Based on the above, and subject to the qualifications below, we are of the opinion that:
1. | The Canadian Guarantor (a) is a corporation incorporated and existing under the laws of Canada, and (b) has the corporate authority and power to own or lease its properties and assets and carry on its business as now being conducted by it and to enter into and perform its obligations under each of the Indentures, including the Guarantees provided by it therein. |
2. | The entering into and performance of its obligations by the Canadian Guarantor under each of the Indentures including the Guarantees provided by it therein, and the consummation of the transactions contemplated by them have been duly authorized by all necessary corporate action on the part of the Canadian Guarantor. |
3. | Each of the Indentures has been duly executed and delivered by the Canadian Guarantor as a matter of corporate law in compliance with the laws of the Province and with the provisions of its certificate and articles of incorporation and its by-laws. |
4. | The entering into and performance of its obligations by the Canadian Guarantor under each of the Indentures including the Guarantees provided by it therein, do not conflict with, constitute or result in a violation or breach of or a default under: |
(a) its certificate and articles of incorporation or by-laws; or
(b) any law, rule or regulation having the force of law in the Province.

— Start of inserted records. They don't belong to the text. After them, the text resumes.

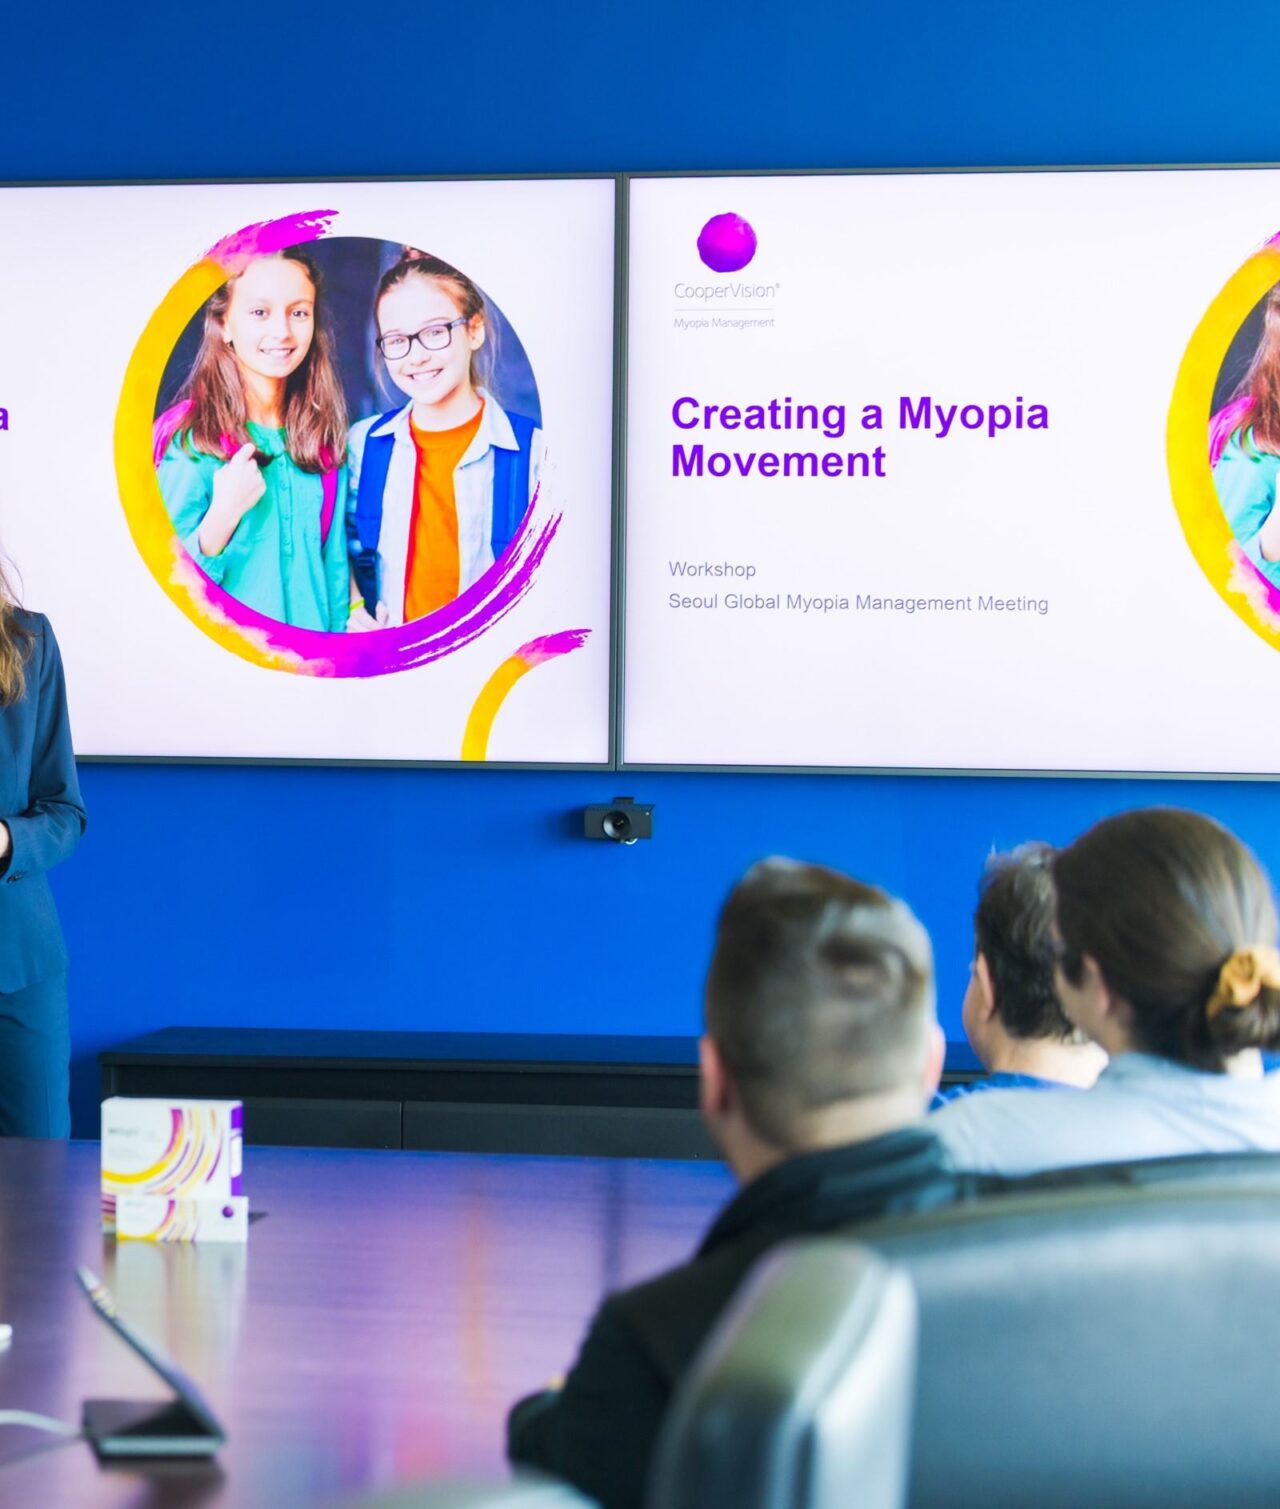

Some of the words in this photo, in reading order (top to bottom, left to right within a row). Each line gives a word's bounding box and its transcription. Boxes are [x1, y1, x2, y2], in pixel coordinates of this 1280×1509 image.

[674, 318, 709, 331] Myopia
[712, 318, 775, 330] Management
[672, 397, 845, 438] Creating
[861, 405, 882, 429] a
[900, 396, 1048, 438] Myopia
[673, 444, 886, 477] Movement
[669, 561, 756, 580] Workshop
[669, 593, 717, 608] Seoul
[725, 594, 779, 609] Global
[787, 594, 849, 613] Myopia
[856, 595, 971, 614] Management
[978, 596, 1048, 615] Meeting
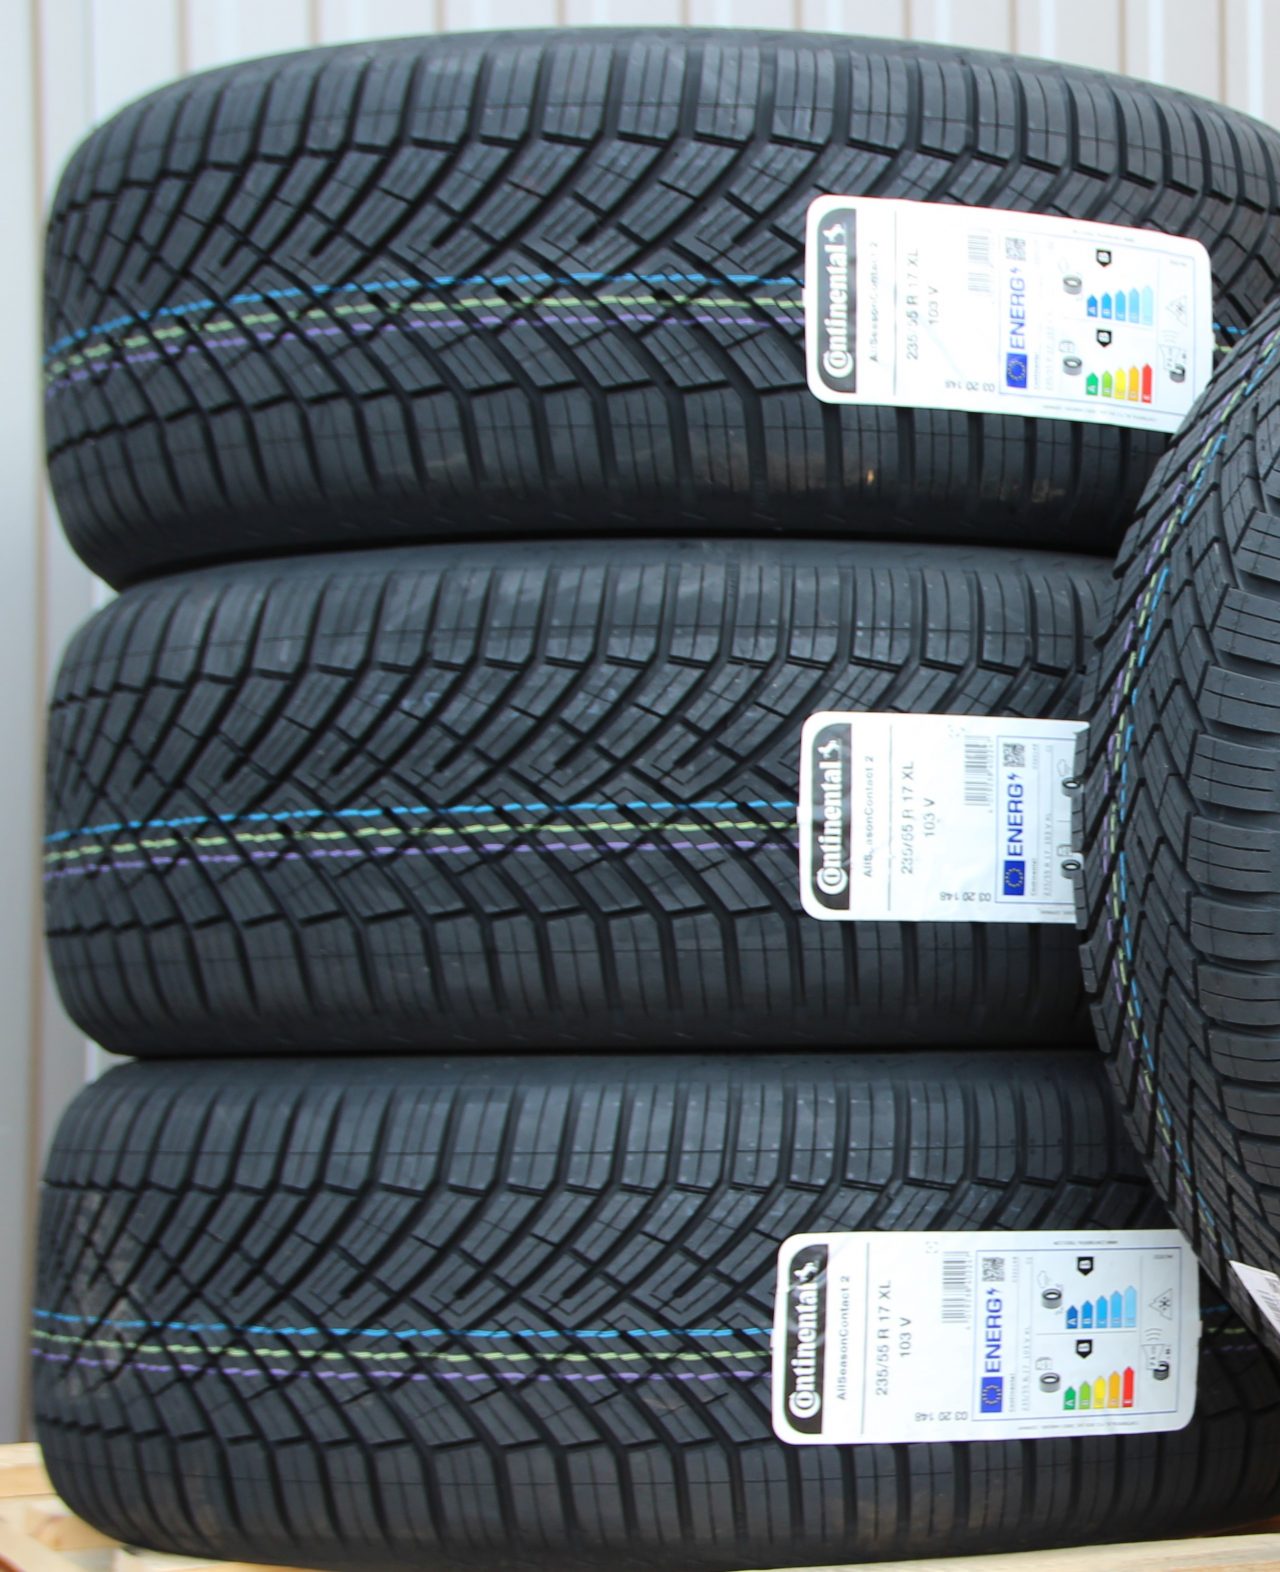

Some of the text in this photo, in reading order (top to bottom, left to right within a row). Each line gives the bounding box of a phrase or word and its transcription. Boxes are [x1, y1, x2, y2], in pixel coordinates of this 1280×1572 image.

[907, 248, 919, 268] XL
[823, 244, 854, 378] Continental
[906, 295, 919, 306] R
[928, 286, 940, 325] 103 V
[1010, 277, 1025, 350] ENERG
[965, 381, 980, 392] 20
[902, 761, 914, 780] XL
[902, 786, 914, 801] 17
[816, 761, 848, 895] Continental
[864, 768, 874, 878] AllSasonContact
[902, 809, 914, 819] R
[923, 798, 936, 837] 103 V
[1007, 783, 1024, 857] ENERG
[962, 892, 976, 902] 20
[978, 892, 991, 902] 03
[788, 1283, 821, 1418] Continental
[836, 1287, 849, 1400] AllSeasonContact
[876, 1280, 892, 1395] 235/55 R 17 XL
[900, 1317, 912, 1358] 103 V
[985, 1299, 1003, 1373] ENERG
[938, 1411, 952, 1421] 20
[955, 1411, 968, 1421] 03
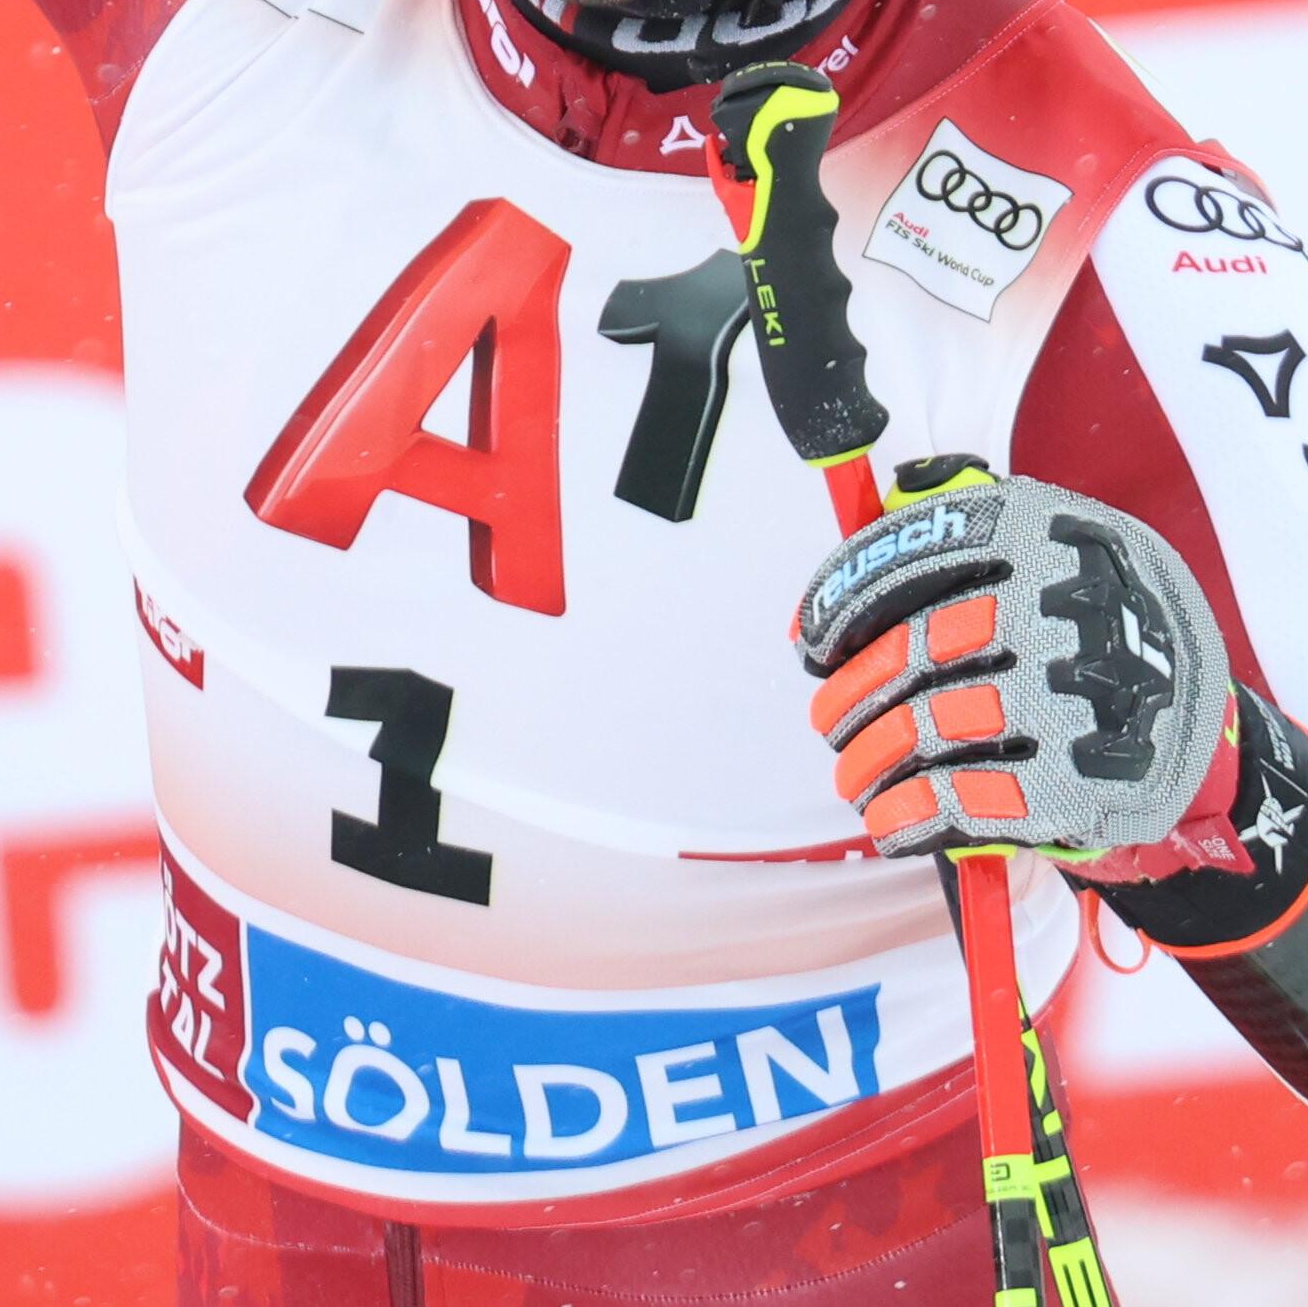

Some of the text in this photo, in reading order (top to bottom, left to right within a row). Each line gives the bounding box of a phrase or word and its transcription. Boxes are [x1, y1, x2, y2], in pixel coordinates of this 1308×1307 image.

[885, 219, 995, 288] FIS Ski World Cup
[892, 211, 930, 239] Audi
[1172, 249, 1268, 275] Audi
[750, 258, 785, 347] LEKI
[812, 504, 968, 626] reusch
[325, 665, 492, 907] 1
[263, 1004, 857, 1161] SÖLDEN
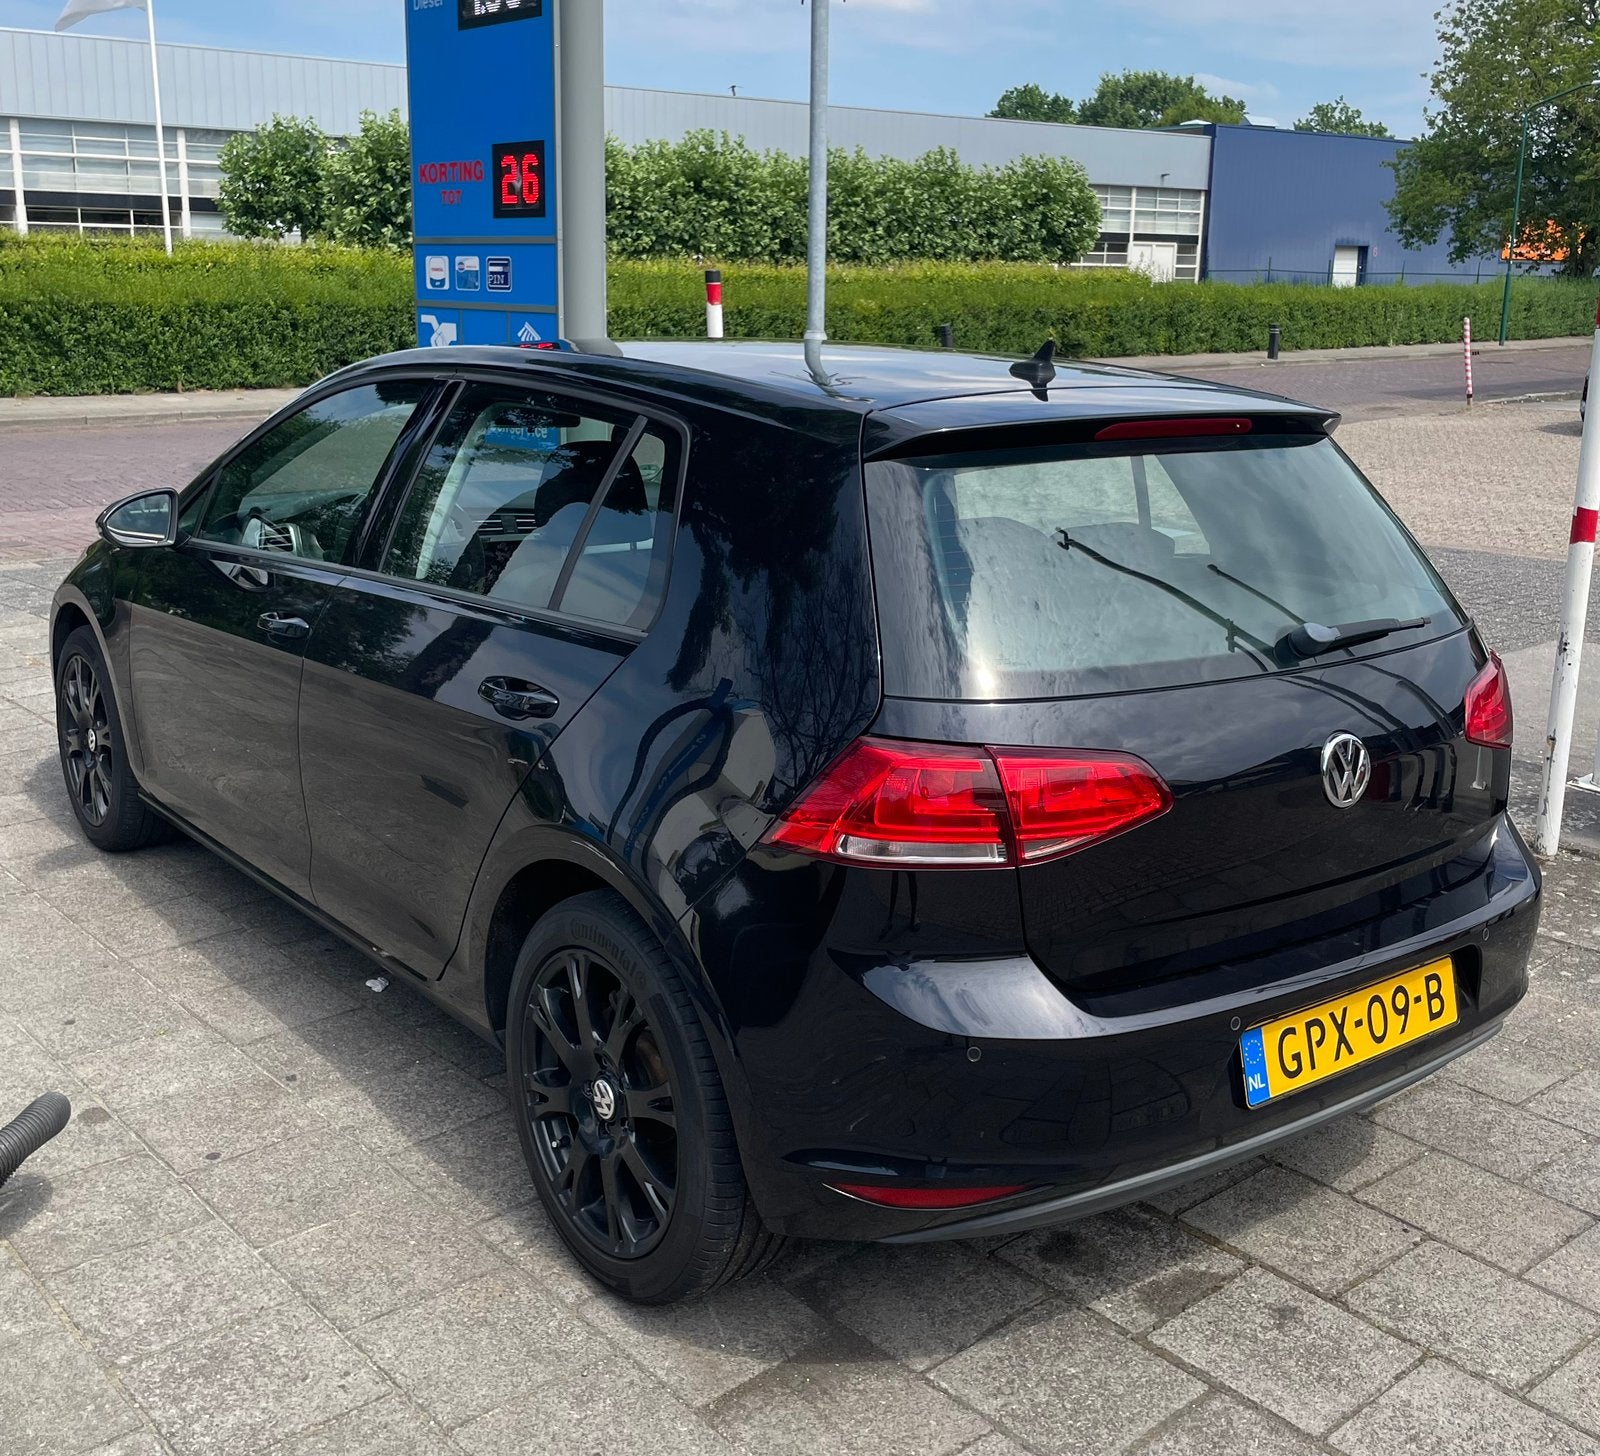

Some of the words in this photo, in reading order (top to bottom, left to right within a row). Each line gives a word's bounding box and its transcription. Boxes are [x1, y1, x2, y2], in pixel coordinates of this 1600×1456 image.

[419, 160, 484, 184] KORTING
[501, 153, 540, 205] 26
[441, 190, 462, 205] TOT
[488, 274, 505, 285] PIN
[1277, 972, 1446, 1080] GPX-09-B
[1248, 1073, 1266, 1092] NL

5. | No authorization, licence, waiver, consent or approval of, or filing, registration, qualification or recording with any governmental authority having jurisdiction in the Province is required in connection with the execution and delivery by the Canadian Guarantor of the Indentures, the consummation by the Canadian Guarantor of the transactions contemplated thereby or the performance by the Canadian Guarantor of its obligations under the Indentures, including the Guarantees provided by it therein. |
6. | When the Notes have been duly executed, issued, authenticated and delivered by or on behalf of the Company and the Subsidiary Co-Issuers against the due tender and delivery to the Trustee of the Outstanding Notes in an aggregate principal amount equal to the aggregate principal amount of the Notes exchanged therefor in accordance with the Indentures and in the manner contemplated by the Registration Statement and the Registration Rights Agreement, the Guarantees , as set forth in the Indentures, will be the legally valid and binding obligations of the Canadian Guarantor with respect to the Notes. |
This opinion is for your benefit in connection with the Registration Statement and may be relied upon by you and by persons entitled to rely upon it pursuant to the applicable provisions of
federal securities laws. We consent to your filing this opinion as an exhibit to the Registration Statement and to the reference to our firm contained in the prospectus contained therein under the heading “Legal Matters.” In giving such consent, we do not thereby admit that we are in the category of persons whose consent is required under Section 7 of the Act or the rules and regulations of the Commission thereunder.